> [Task item]: Only what runs from the line with "Some of the text" to the final line of the records below should be given again, word for word.

Segment Start: Provided information

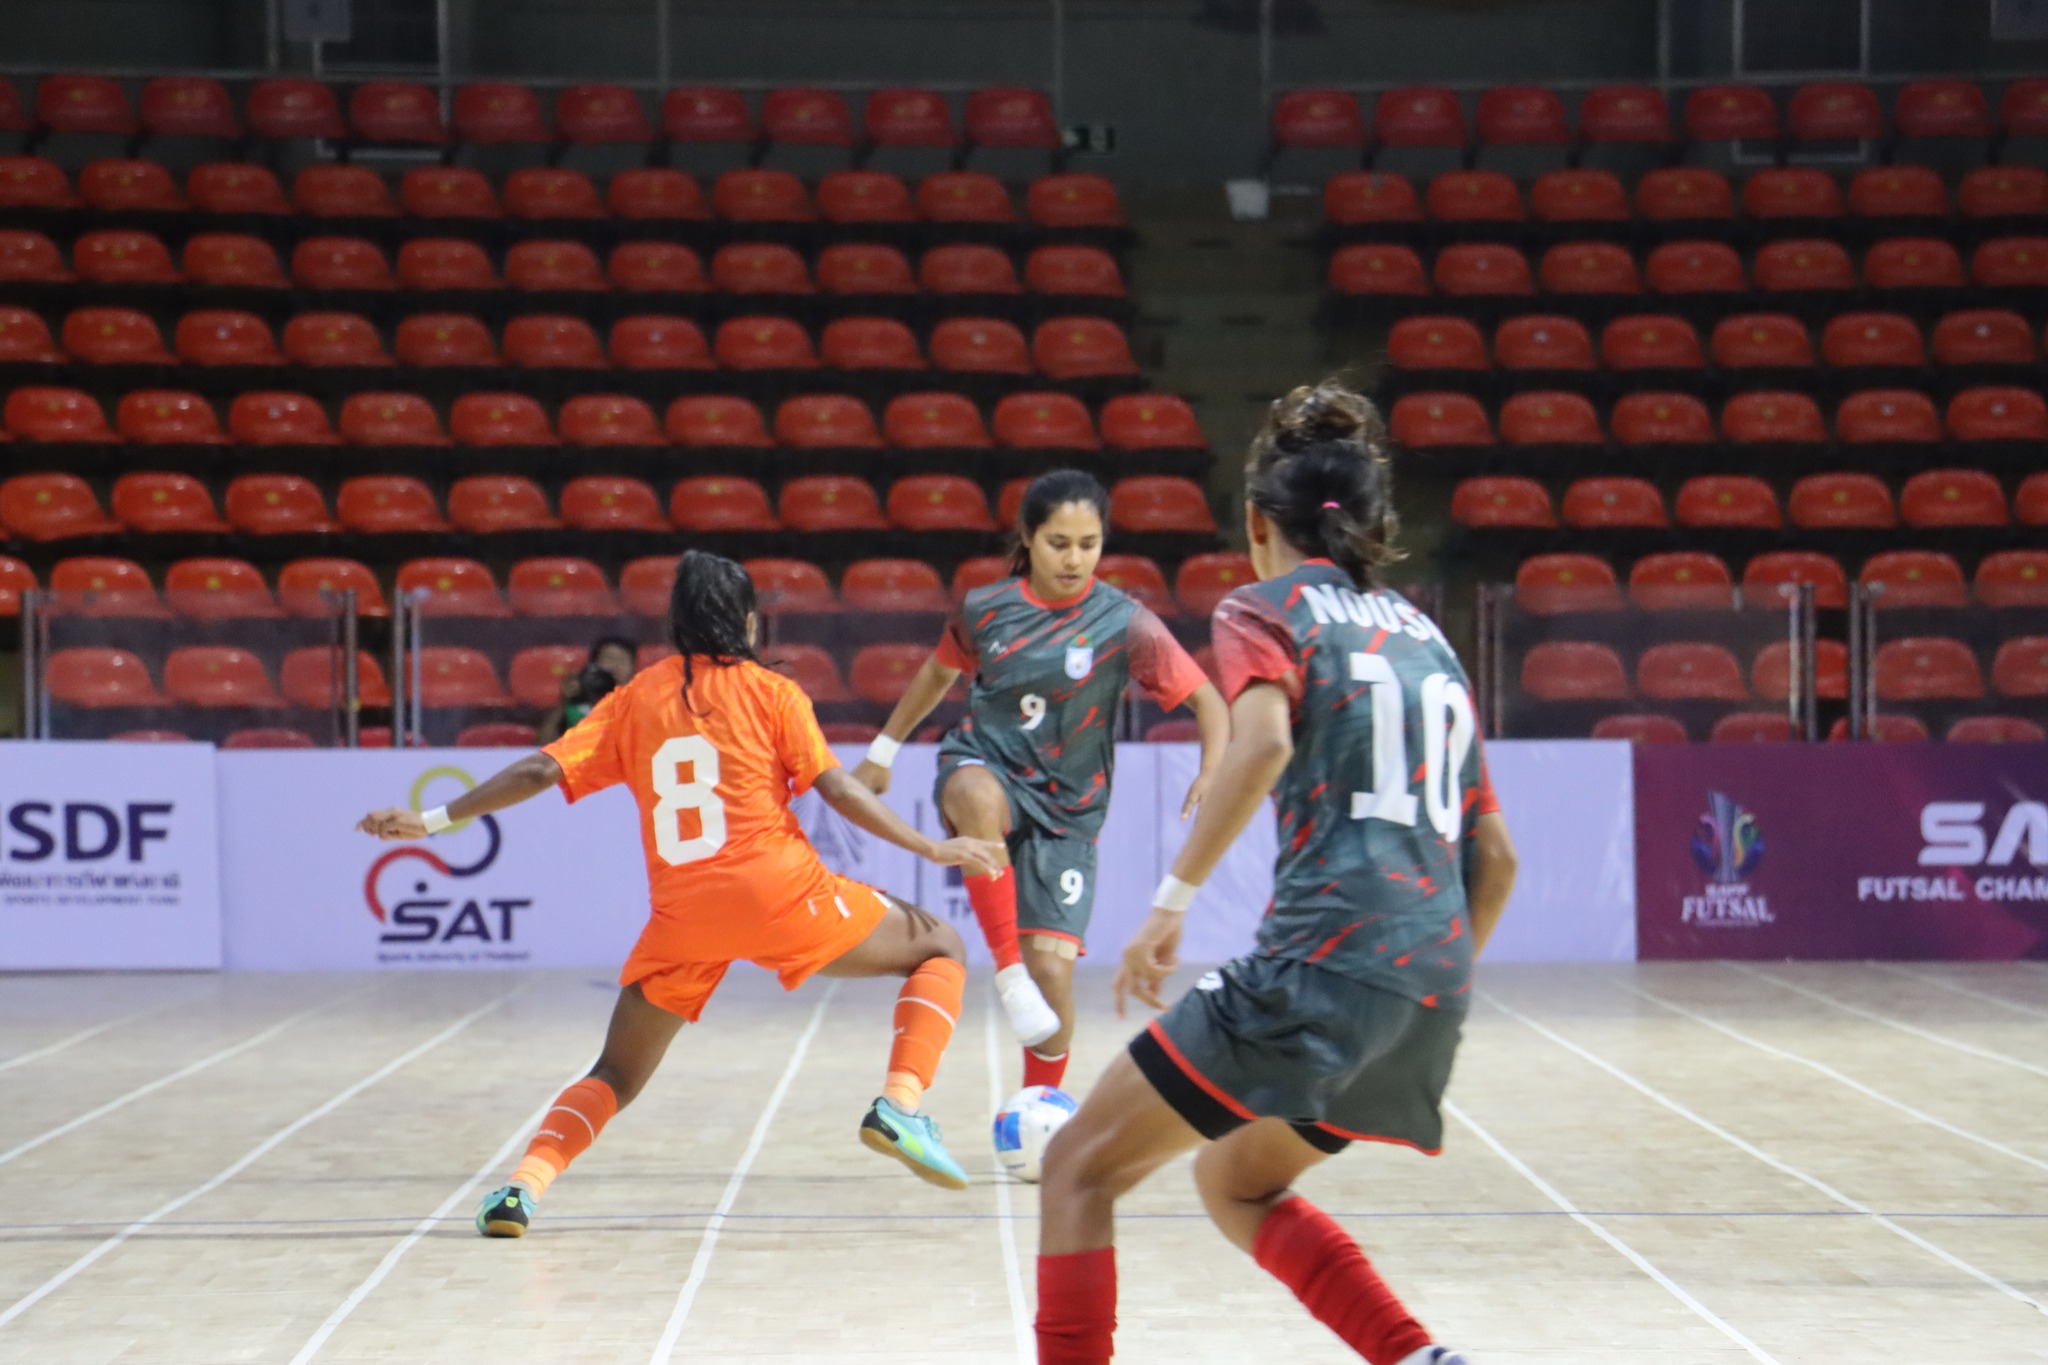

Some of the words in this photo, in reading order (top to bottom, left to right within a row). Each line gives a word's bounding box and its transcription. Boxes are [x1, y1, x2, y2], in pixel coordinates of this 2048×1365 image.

[1019, 693, 1047, 731] 9
[1350, 652, 1474, 843] 10
[651, 734, 728, 866] 8
[1060, 868, 1084, 906] 9
[1857, 876, 1966, 902] FUTSAL
[379, 899, 533, 943] SAT
[1681, 896, 1776, 922] FUTSAL
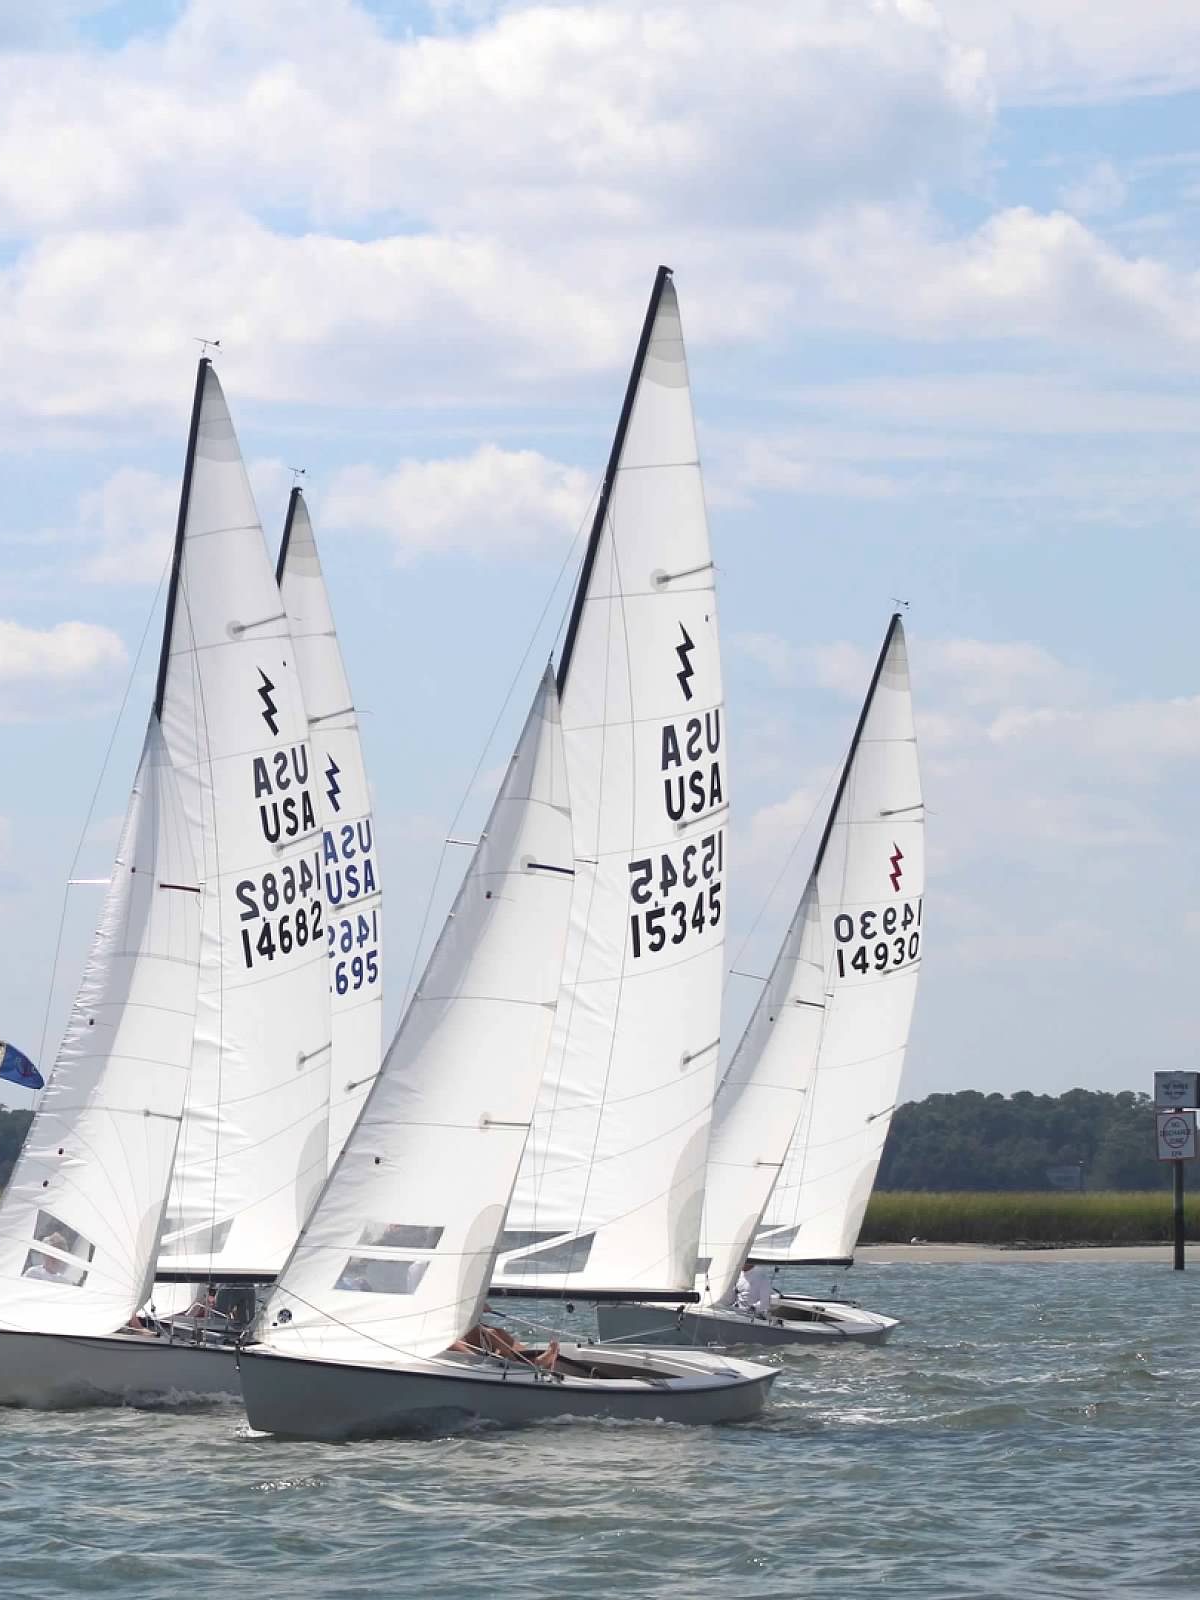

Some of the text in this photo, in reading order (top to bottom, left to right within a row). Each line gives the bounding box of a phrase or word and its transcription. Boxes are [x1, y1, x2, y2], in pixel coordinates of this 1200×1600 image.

[260, 791, 316, 843] USA
[664, 762, 722, 821] USA
[326, 859, 375, 904] USA
[241, 900, 324, 968] 14682
[630, 882, 721, 958] 15345
[330, 949, 378, 995] 695
[837, 932, 919, 978] 14930

Segment End: Provided information

> [Exercise result]:
Some of the text in this photo, in reading order (top to bottom, left to right within a row). Each line gives the bounding box of a phrase or word and its transcription. Boxes are [x1, y1, x2, y2], in pixel coordinates of this 1200×1600 image.

[260, 791, 316, 843] USA
[664, 762, 722, 821] USA
[326, 859, 375, 904] USA
[241, 900, 324, 968] 14682
[630, 882, 721, 958] 15345
[330, 949, 378, 995] 695
[837, 932, 919, 978] 14930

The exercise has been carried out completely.